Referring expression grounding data
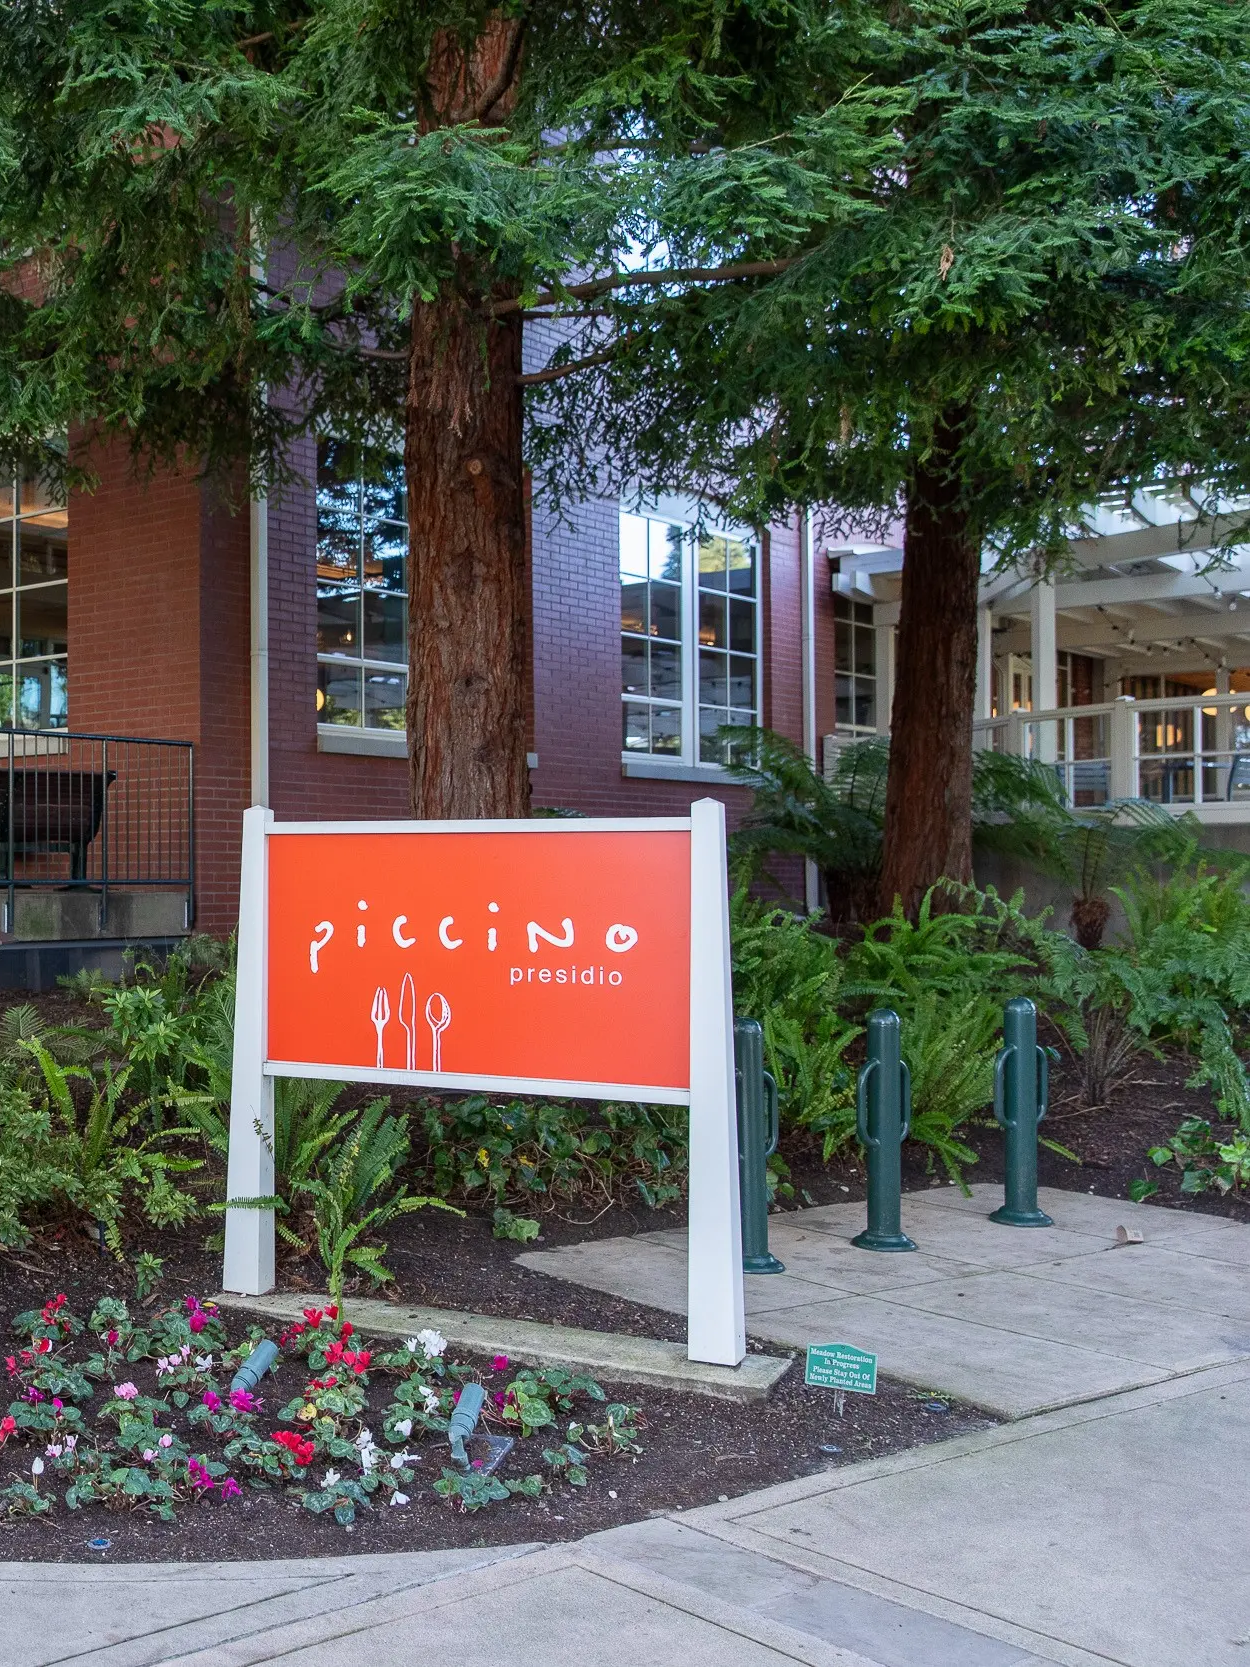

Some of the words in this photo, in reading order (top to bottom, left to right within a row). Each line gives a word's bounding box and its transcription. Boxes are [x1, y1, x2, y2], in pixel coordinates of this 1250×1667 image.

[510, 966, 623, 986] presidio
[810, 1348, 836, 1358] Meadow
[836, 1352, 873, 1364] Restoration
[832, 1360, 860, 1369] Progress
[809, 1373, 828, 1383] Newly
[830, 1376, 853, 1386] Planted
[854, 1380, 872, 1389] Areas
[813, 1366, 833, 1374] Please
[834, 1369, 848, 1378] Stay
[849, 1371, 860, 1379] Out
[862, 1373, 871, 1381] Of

### Exercise requirements
Could you repeat each line above exactly as written? Omit the pictures.

### Output
Some of the words in this photo, in reading order (top to bottom, left to right within a row). Each line gives a word's bounding box and its transcription. Boxes are [x1, y1, x2, y2], in pixel coordinates of this 1250×1667 image.

[510, 966, 623, 986] presidio
[810, 1348, 836, 1358] Meadow
[836, 1352, 873, 1364] Restoration
[832, 1360, 860, 1369] Progress
[809, 1373, 828, 1383] Newly
[830, 1376, 853, 1386] Planted
[854, 1380, 872, 1389] Areas
[813, 1366, 833, 1374] Please
[834, 1369, 848, 1378] Stay
[849, 1371, 860, 1379] Out
[862, 1373, 871, 1381] Of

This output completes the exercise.